• _How to complete this task_
With the line containing "this 1344×1512 image." as the first and the final line of the entries as the last, repeat exactly the lines in that span, including both.

(Records from a collection)
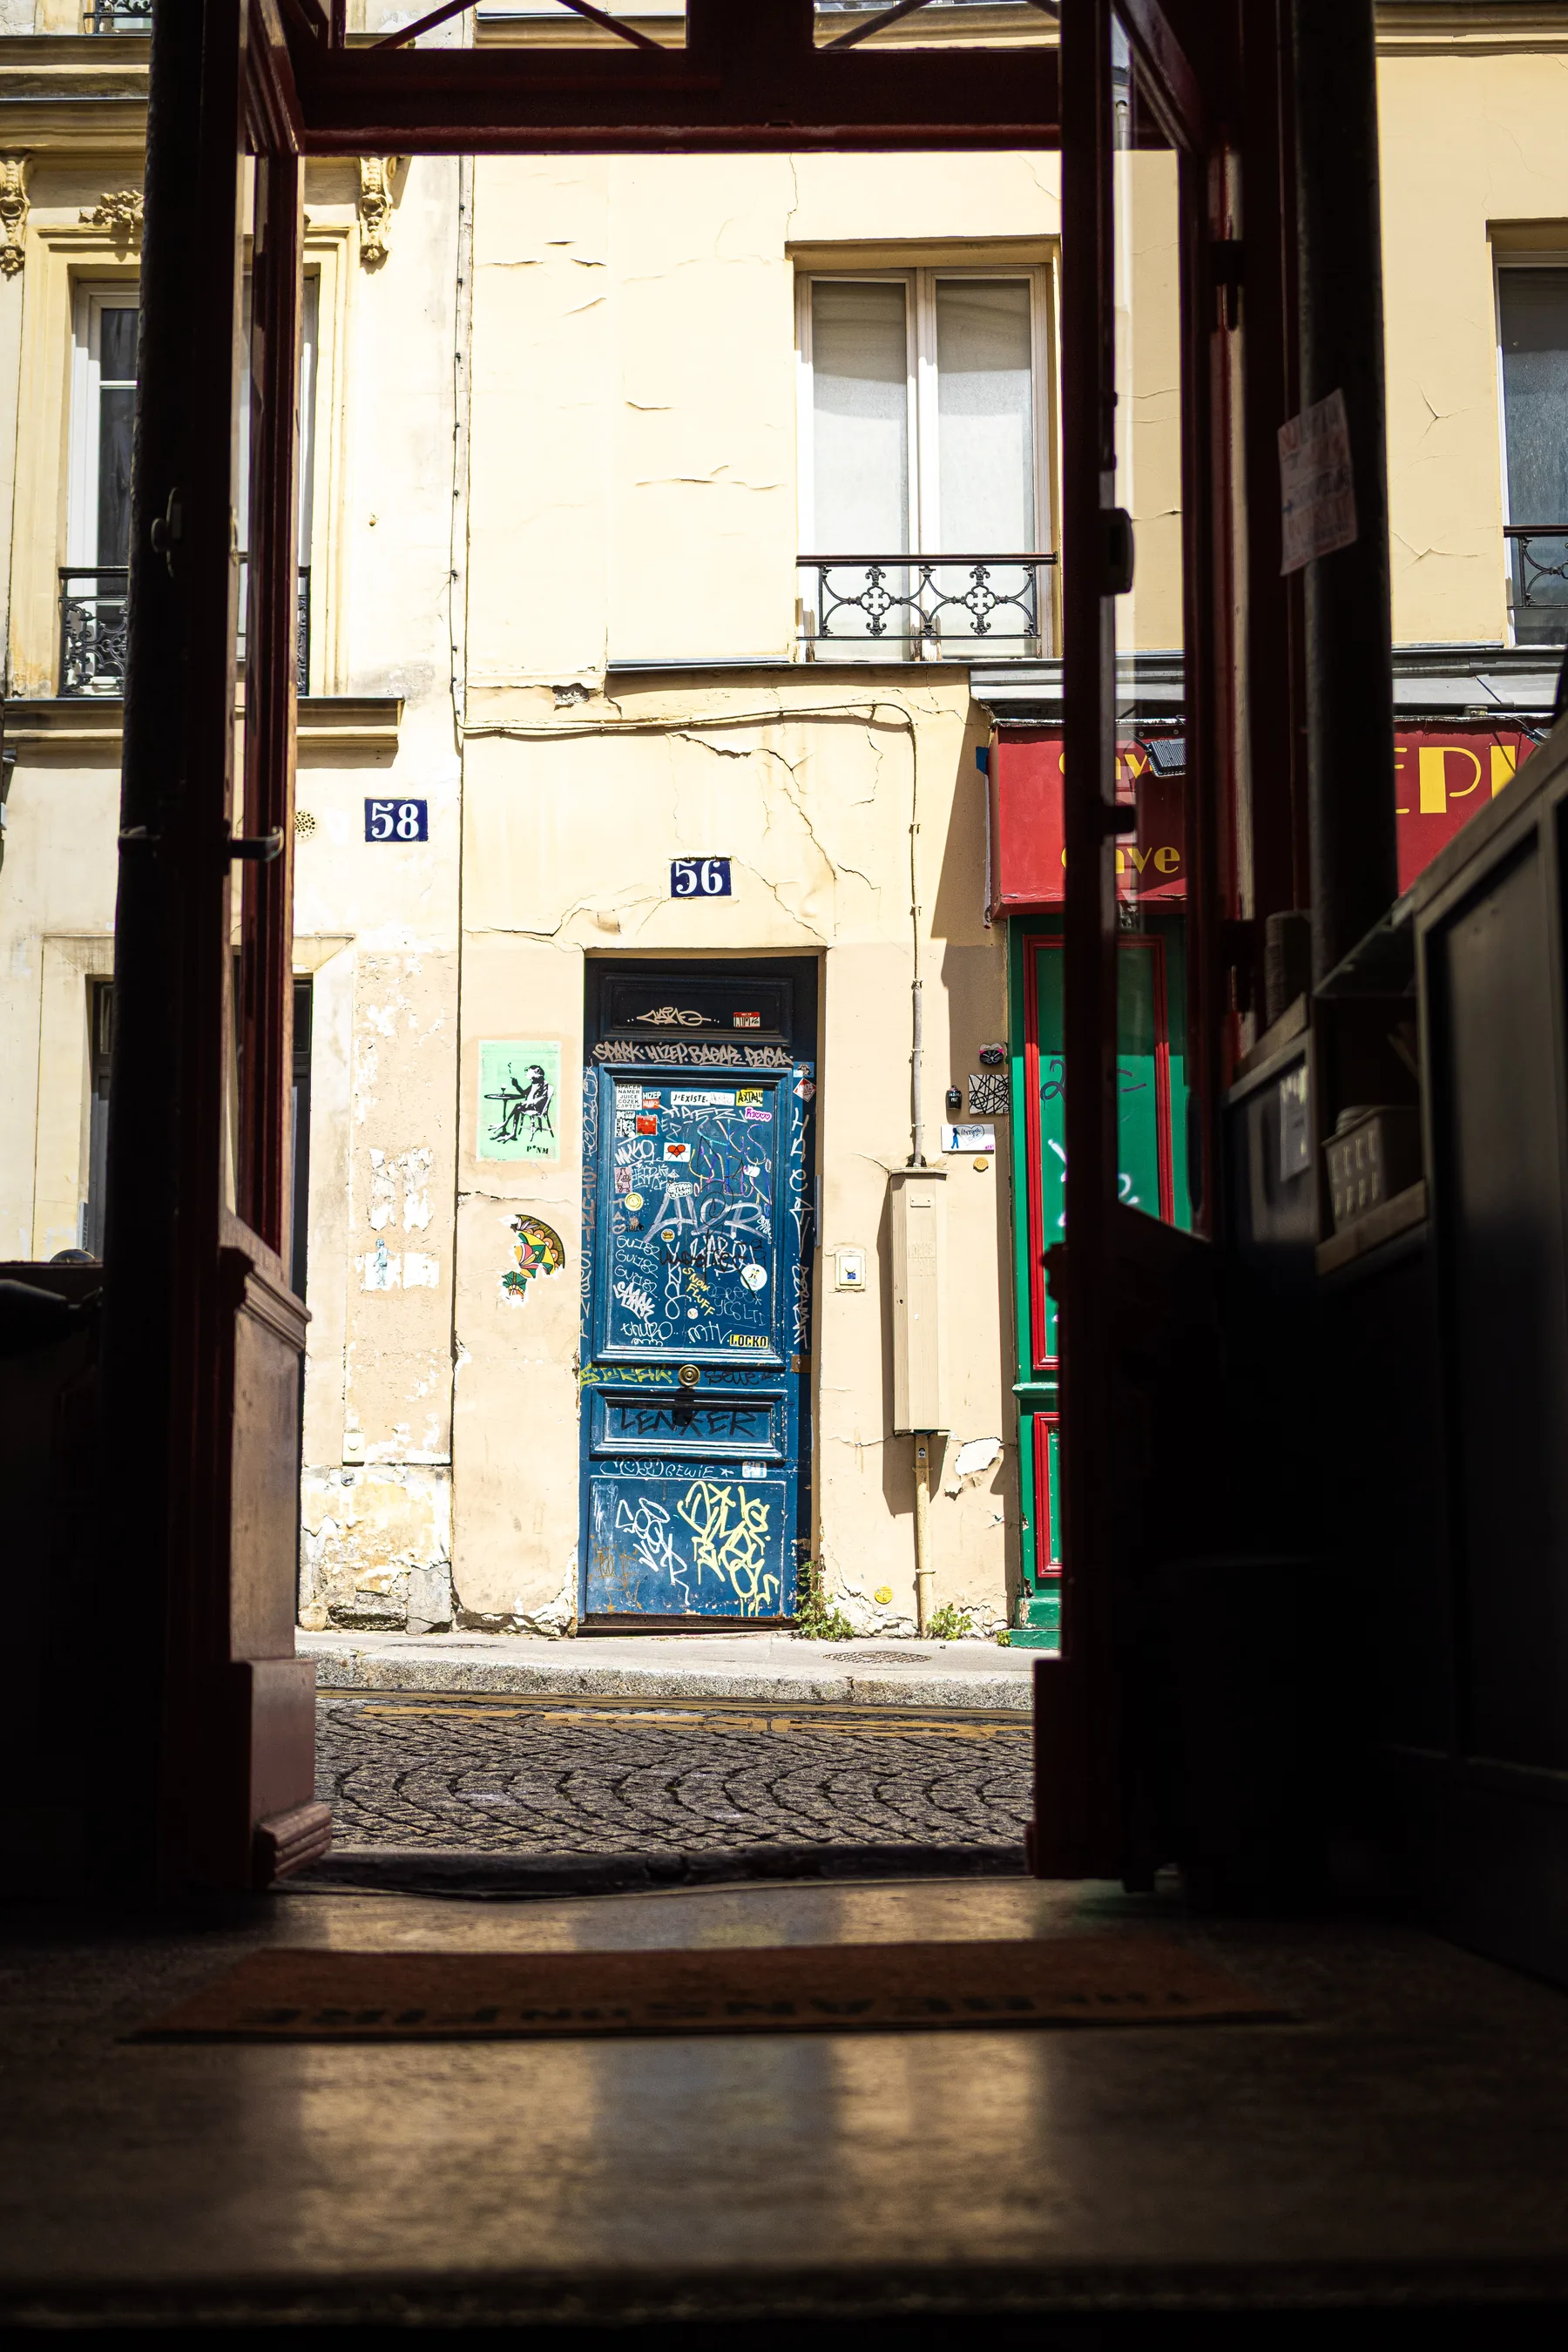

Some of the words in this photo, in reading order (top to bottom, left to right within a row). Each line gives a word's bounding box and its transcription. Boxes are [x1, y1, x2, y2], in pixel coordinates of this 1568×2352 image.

[371, 801, 419, 839] 58
[675, 860, 723, 895] 56
[682, 1267, 711, 1293] SNOW
[686, 1282, 716, 1316] FLUFF
[731, 1335, 767, 1348] LOCKO
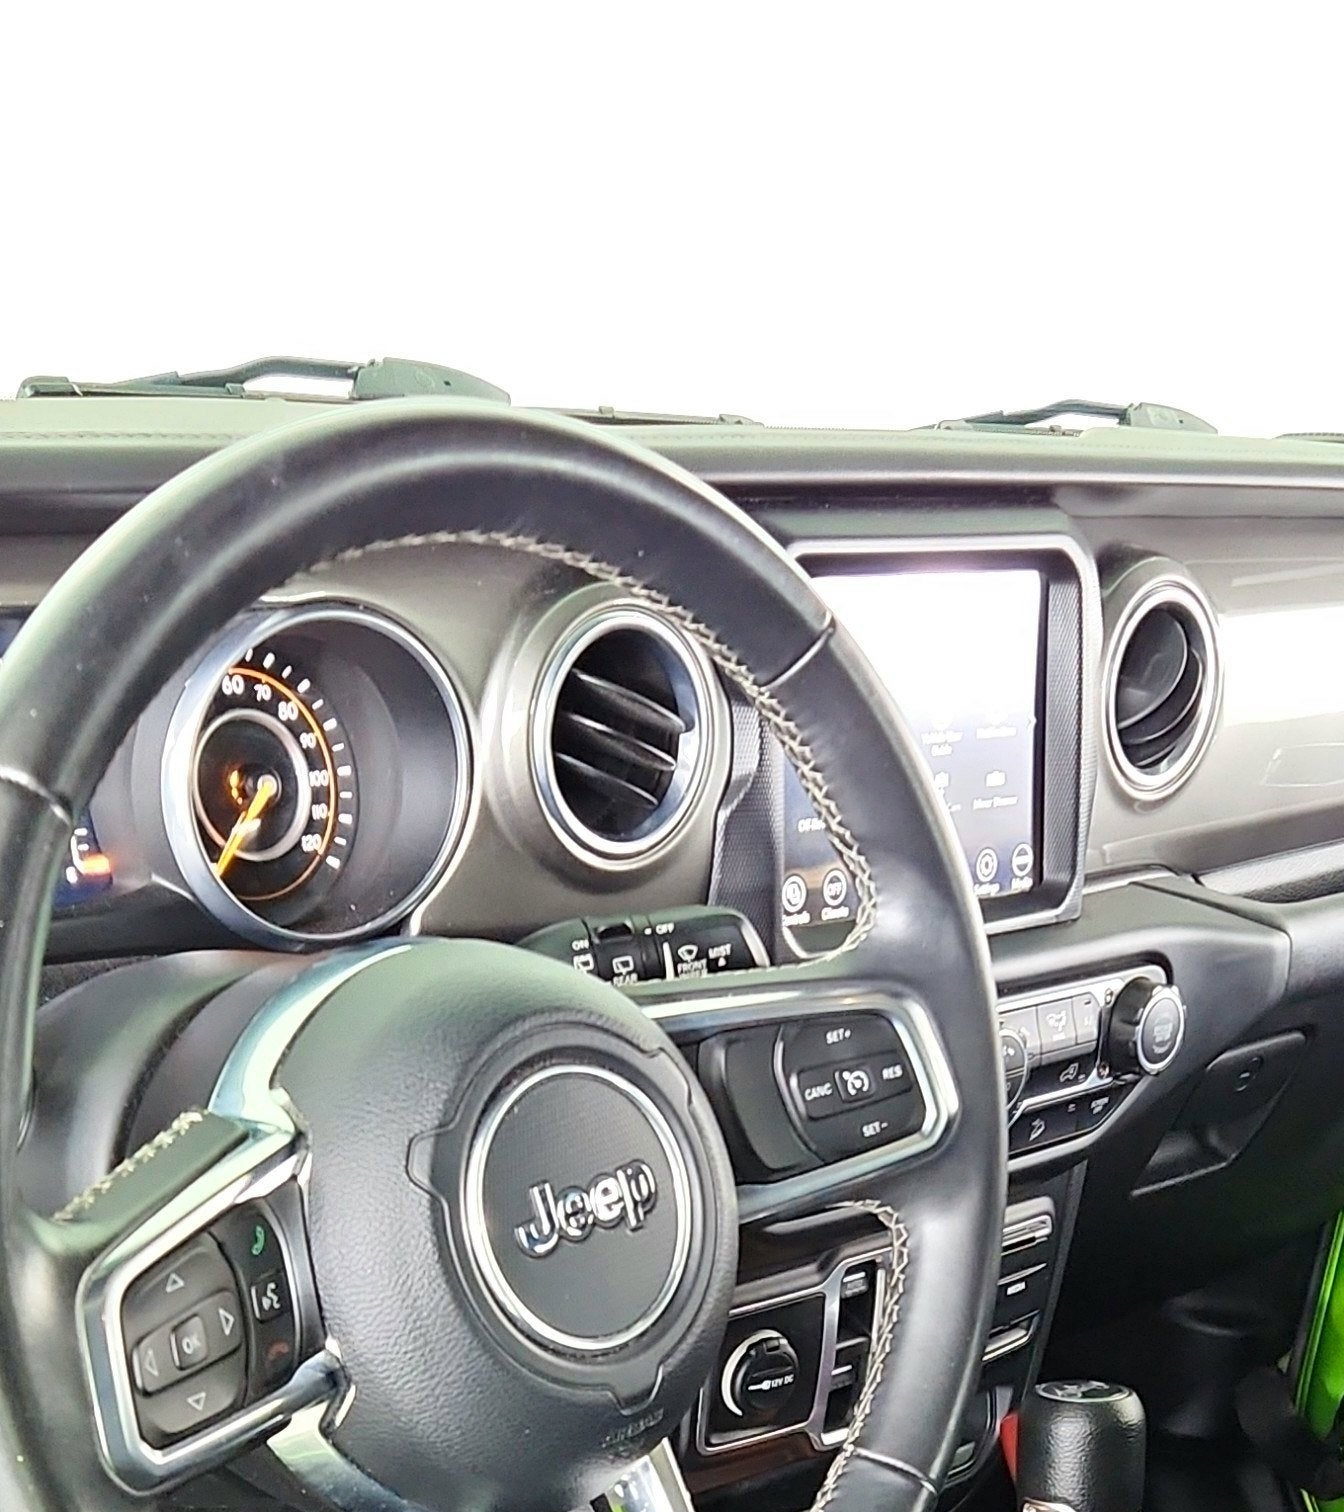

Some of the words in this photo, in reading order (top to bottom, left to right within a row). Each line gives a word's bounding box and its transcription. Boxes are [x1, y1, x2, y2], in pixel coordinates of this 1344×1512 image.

[221, 673, 245, 696] 60
[254, 683, 273, 702] 70
[277, 700, 299, 722] 80
[299, 733, 316, 749] 90
[309, 770, 329, 787] 100
[311, 805, 328, 820] 110
[301, 834, 321, 852] 120
[655, 922, 675, 936] OFF
[571, 939, 590, 952] ON
[881, 1063, 904, 1081] RES
[514, 1159, 657, 1259] Jeep
[181, 1333, 202, 1355] OK

• _Worked solution_
Some of the words in this photo, in reading order (top to bottom, left to right within a row). Each line gives a word's bounding box and its transcription. Boxes are [x1, y1, x2, y2], in pixel coordinates of this 1344×1512 image.

[221, 673, 245, 696] 60
[254, 683, 273, 702] 70
[277, 700, 299, 722] 80
[299, 733, 316, 749] 90
[309, 770, 329, 787] 100
[311, 805, 328, 820] 110
[301, 834, 321, 852] 120
[655, 922, 675, 936] OFF
[571, 939, 590, 952] ON
[881, 1063, 904, 1081] RES
[514, 1159, 657, 1259] Jeep
[181, 1333, 202, 1355] OK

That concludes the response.